• WHAT YOU SHOULD DO: Exact copy, pictures excluded: please retype every record below.

• DATA SUPPLIED:
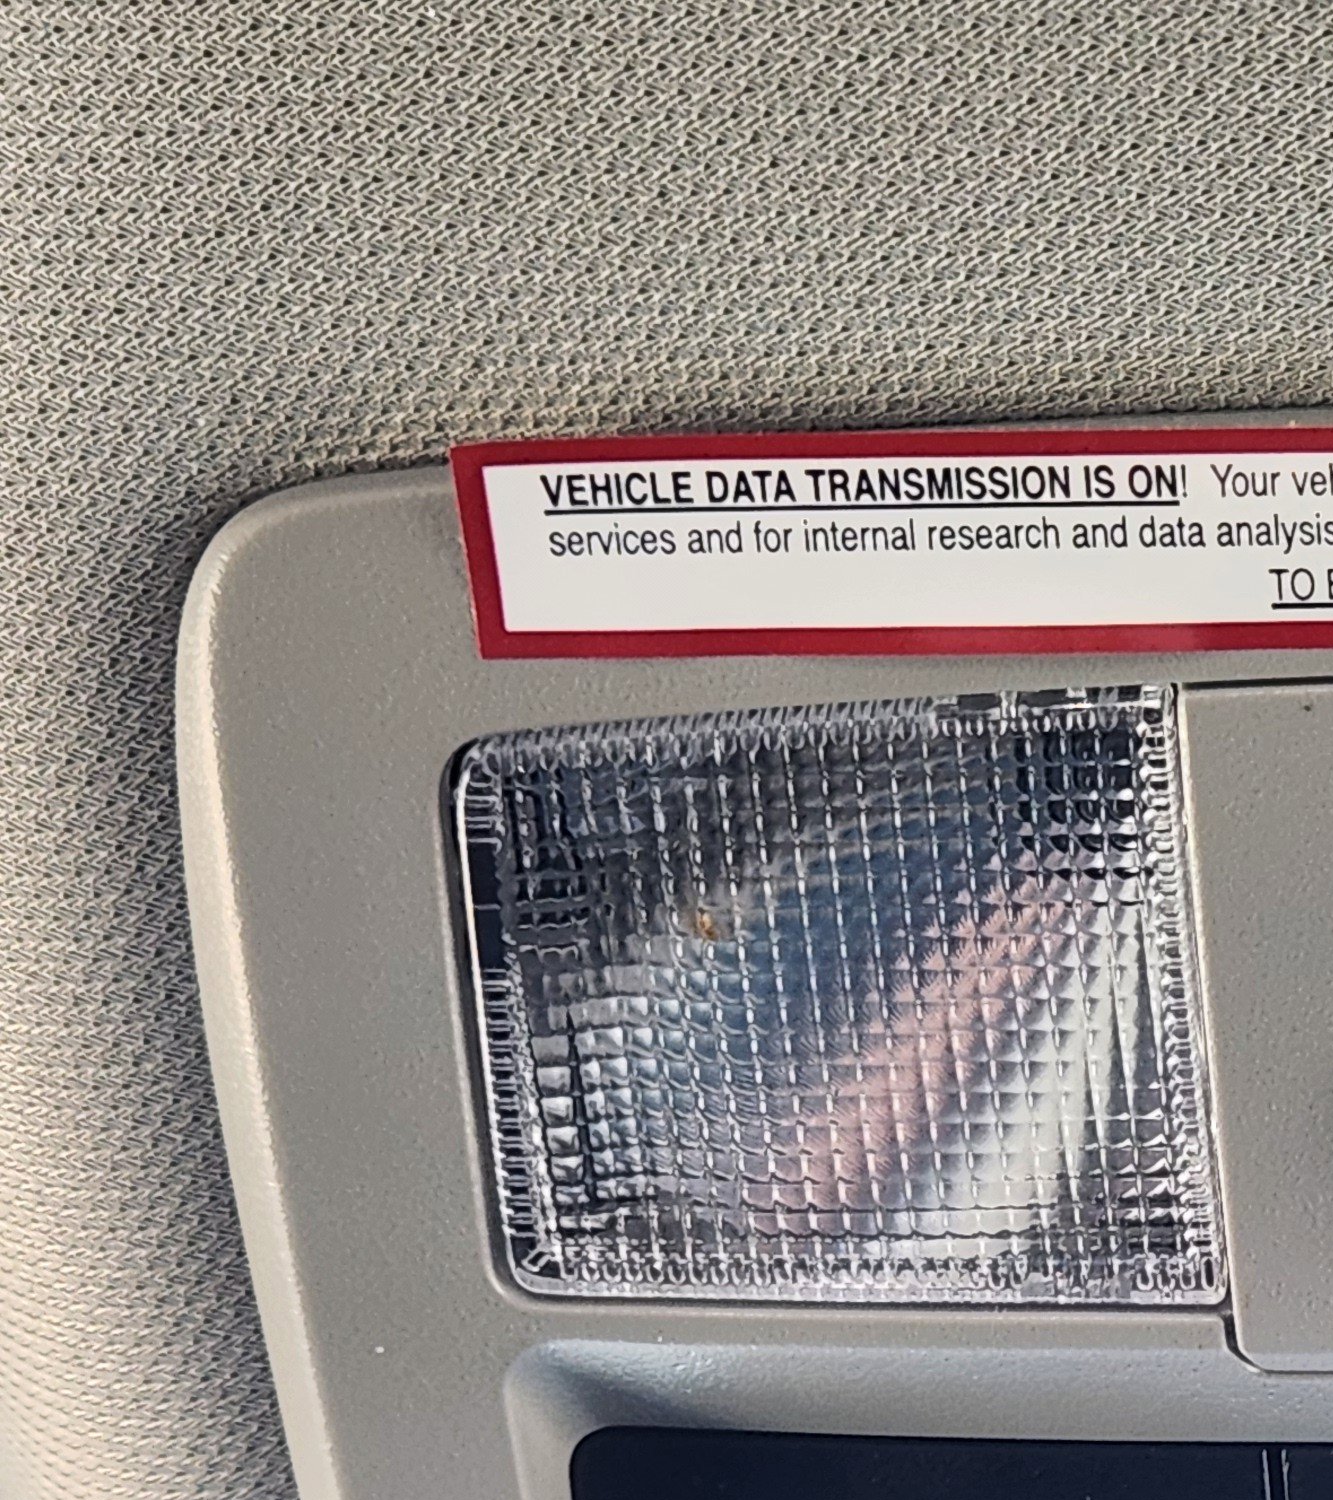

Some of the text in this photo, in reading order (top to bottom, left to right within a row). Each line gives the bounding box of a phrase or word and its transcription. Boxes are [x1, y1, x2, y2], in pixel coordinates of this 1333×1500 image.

[541, 470, 694, 507] VEHICLE
[706, 468, 795, 503] DATA
[804, 466, 1070, 502] TRANSMISSION
[1084, 465, 1115, 498] IS
[1129, 465, 1187, 498] ON!
[1211, 464, 1280, 497] Your
[549, 523, 676, 556] services
[688, 521, 742, 553] and
[754, 521, 792, 552] for
[804, 519, 915, 551] internal
[928, 517, 1060, 550] research
[1073, 516, 1127, 548] and
[1139, 516, 1206, 547] data
[1269, 568, 1314, 601] TO
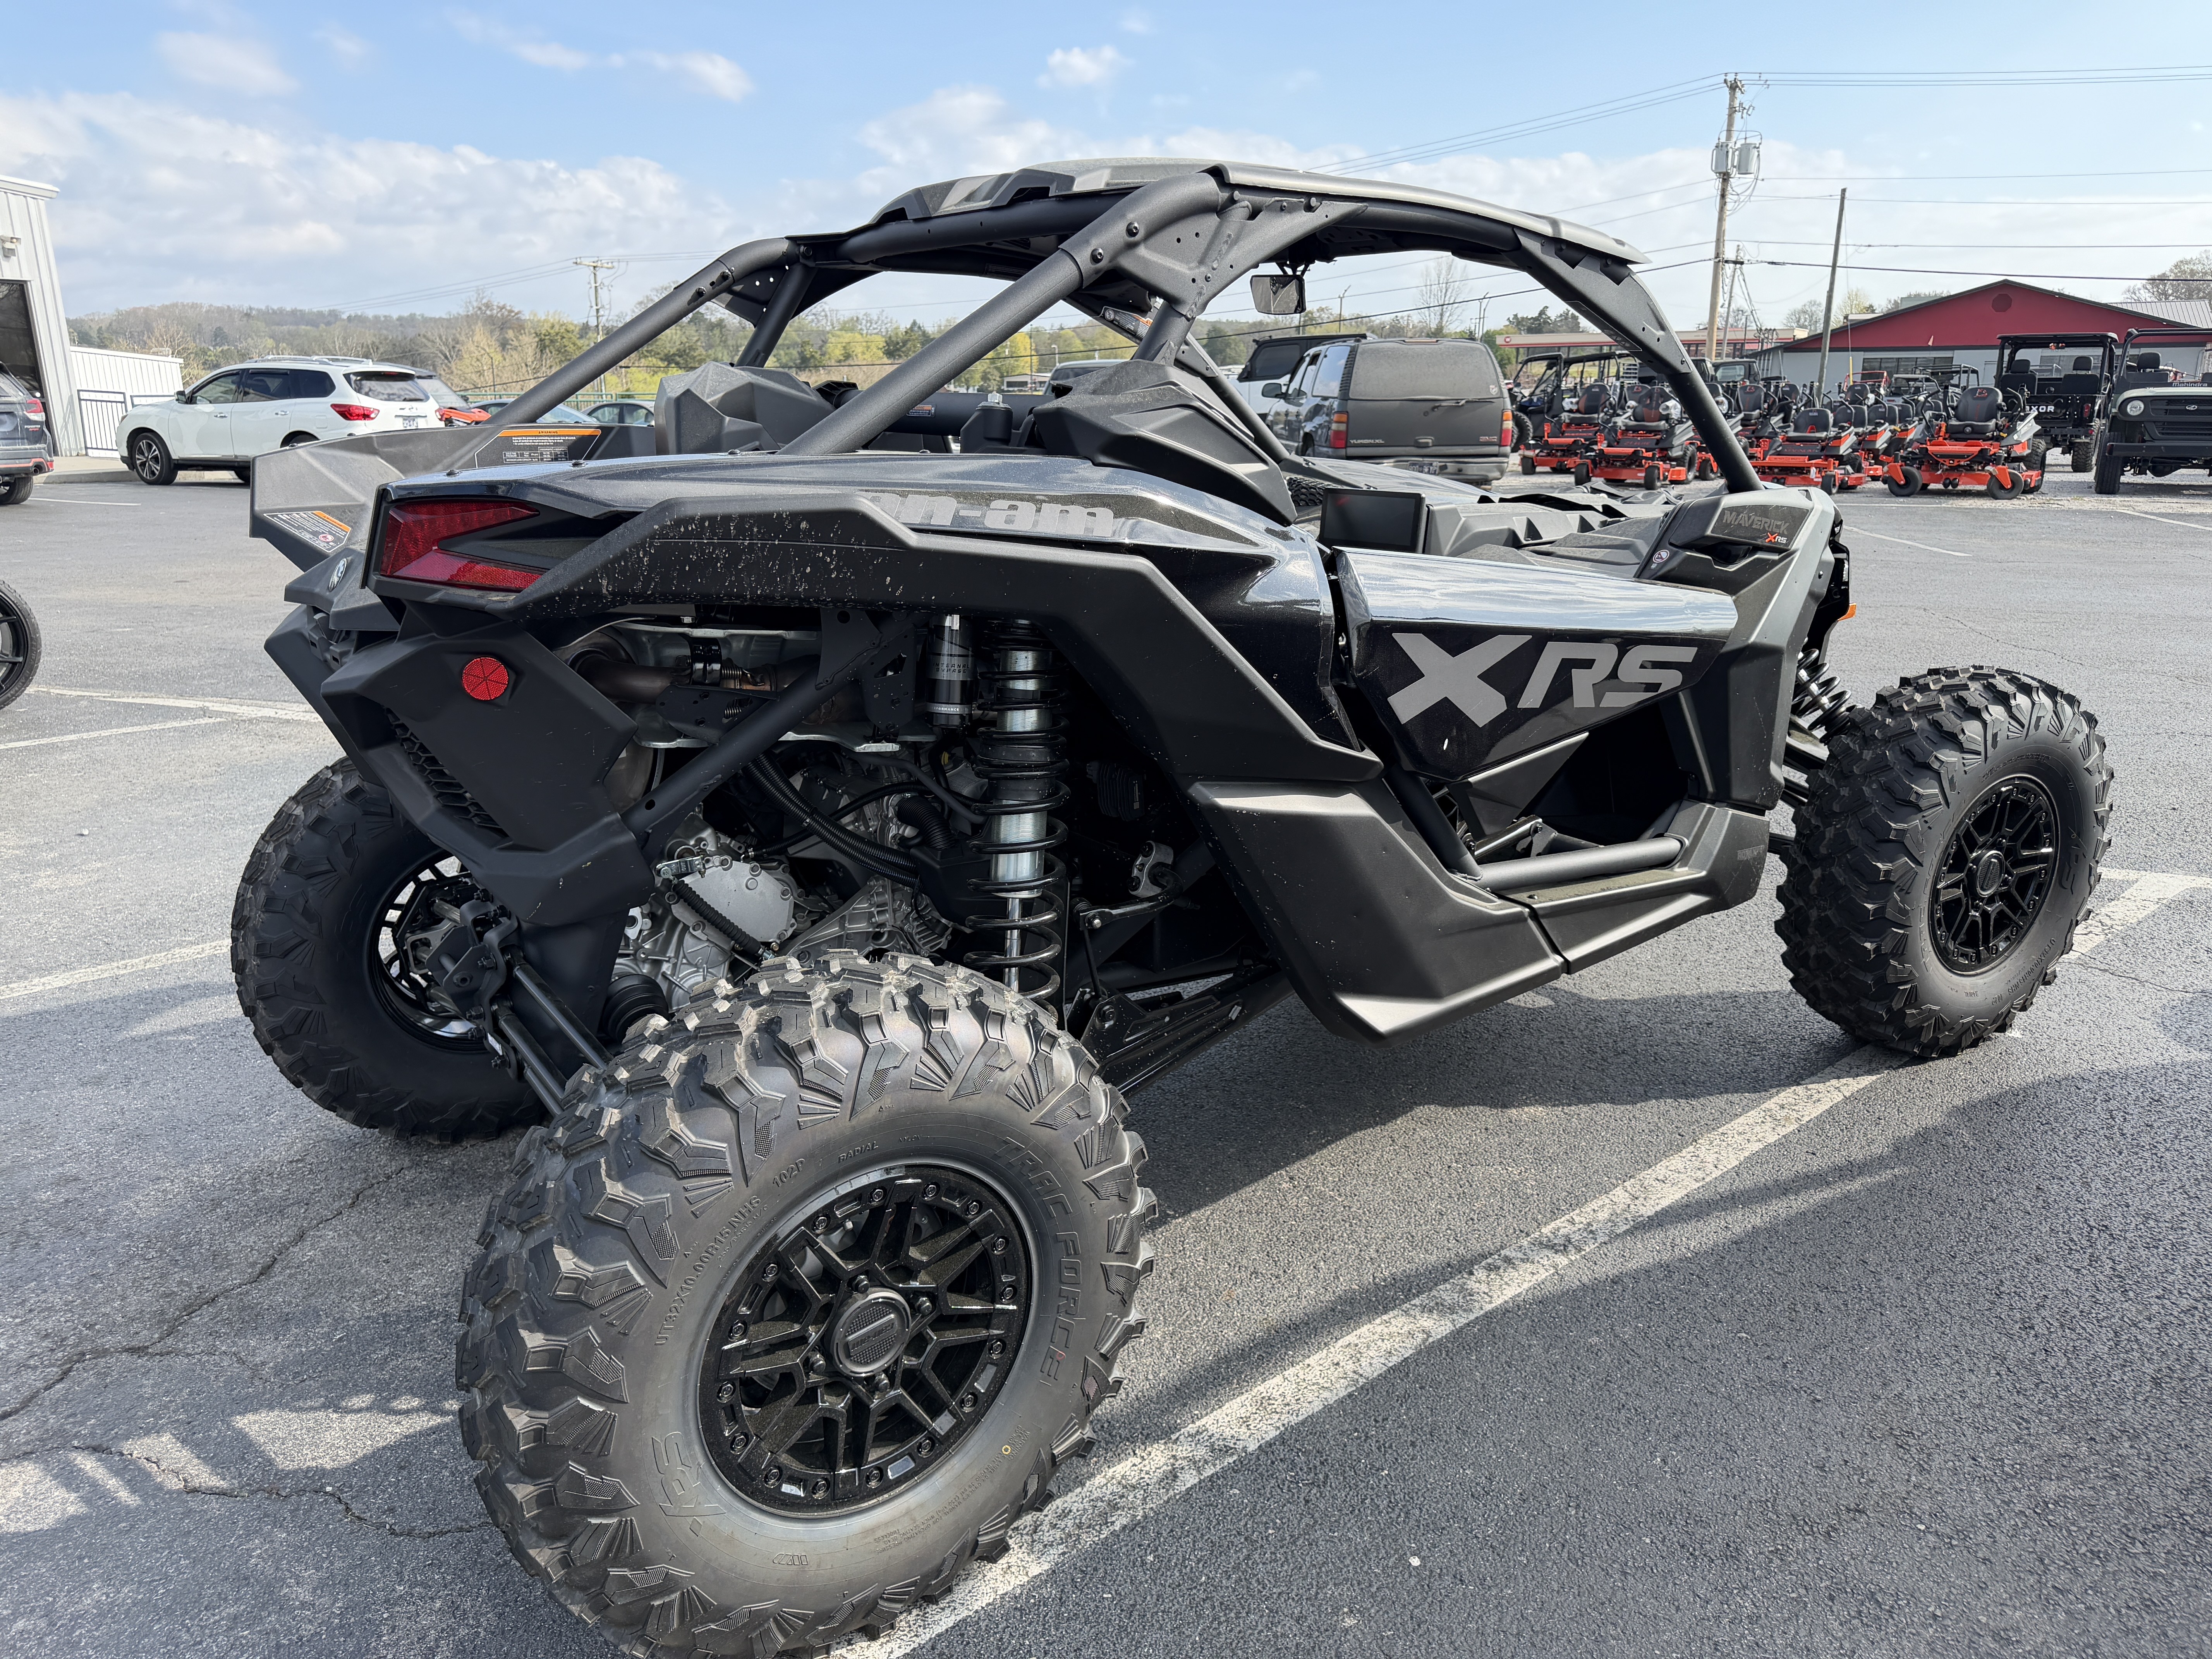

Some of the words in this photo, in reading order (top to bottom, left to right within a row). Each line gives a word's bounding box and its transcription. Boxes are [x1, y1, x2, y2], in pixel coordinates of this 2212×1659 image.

[1723, 510, 1790, 535] MAVERICK
[727, 1195, 762, 1230] NHS
[773, 1158, 805, 1188] 102P
[838, 1141, 879, 1163] RADIAL
[994, 1136, 1073, 1218] TRAC
[1040, 1231, 1081, 1381] FORCE
[874, 1528, 900, 1543] TUBELESS

• EXERCISE ANSWER:
Some of the text in this photo, in reading order (top to bottom, left to right within a row). Each line gives the bounding box of a phrase or word and its transcription. Boxes are [x1, y1, x2, y2], in pixel coordinates of this 1333×1500 image.

[541, 470, 694, 507] VEHICLE
[706, 468, 795, 503] DATA
[804, 466, 1070, 502] TRANSMISSION
[1084, 465, 1115, 498] IS
[1129, 465, 1187, 498] ON!
[1211, 464, 1280, 497] Your
[549, 523, 676, 556] services
[688, 521, 742, 553] and
[754, 521, 792, 552] for
[804, 519, 915, 551] internal
[928, 517, 1060, 550] research
[1073, 516, 1127, 548] and
[1139, 516, 1206, 547] data
[1269, 568, 1314, 601] TO

Some of the words in this photo, in reading order (top to bottom, left to right within a row). Each line gives a word's bounding box and its transcription. Boxes are [x1, y1, x2, y2], in pixel coordinates of this 2212×1659 image.

[1723, 510, 1790, 535] MAVERICK
[727, 1195, 762, 1230] NHS
[773, 1158, 805, 1188] 102P
[838, 1141, 879, 1163] RADIAL
[994, 1136, 1073, 1218] TRAC
[1040, 1231, 1081, 1381] FORCE
[874, 1528, 900, 1543] TUBELESS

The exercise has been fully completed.